____ Source records
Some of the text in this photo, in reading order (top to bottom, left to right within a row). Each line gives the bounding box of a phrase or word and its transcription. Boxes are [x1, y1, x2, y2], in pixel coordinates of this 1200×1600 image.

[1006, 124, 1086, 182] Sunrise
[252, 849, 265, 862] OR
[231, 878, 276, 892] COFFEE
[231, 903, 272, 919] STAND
________
- About this exercise:
The records above are to be reproduced exactly, with nothing left out.

- Output below:
Some of the text in this photo, in reading order (top to bottom, left to right within a row). Each line gives the bounding box of a phrase or word and its transcription. Boxes are [x1, y1, x2, y2], in pixel coordinates of this 1200×1600 image.

[1006, 124, 1086, 182] Sunrise
[252, 849, 265, 862] OR
[231, 878, 276, 892] COFFEE
[231, 903, 272, 919] STAND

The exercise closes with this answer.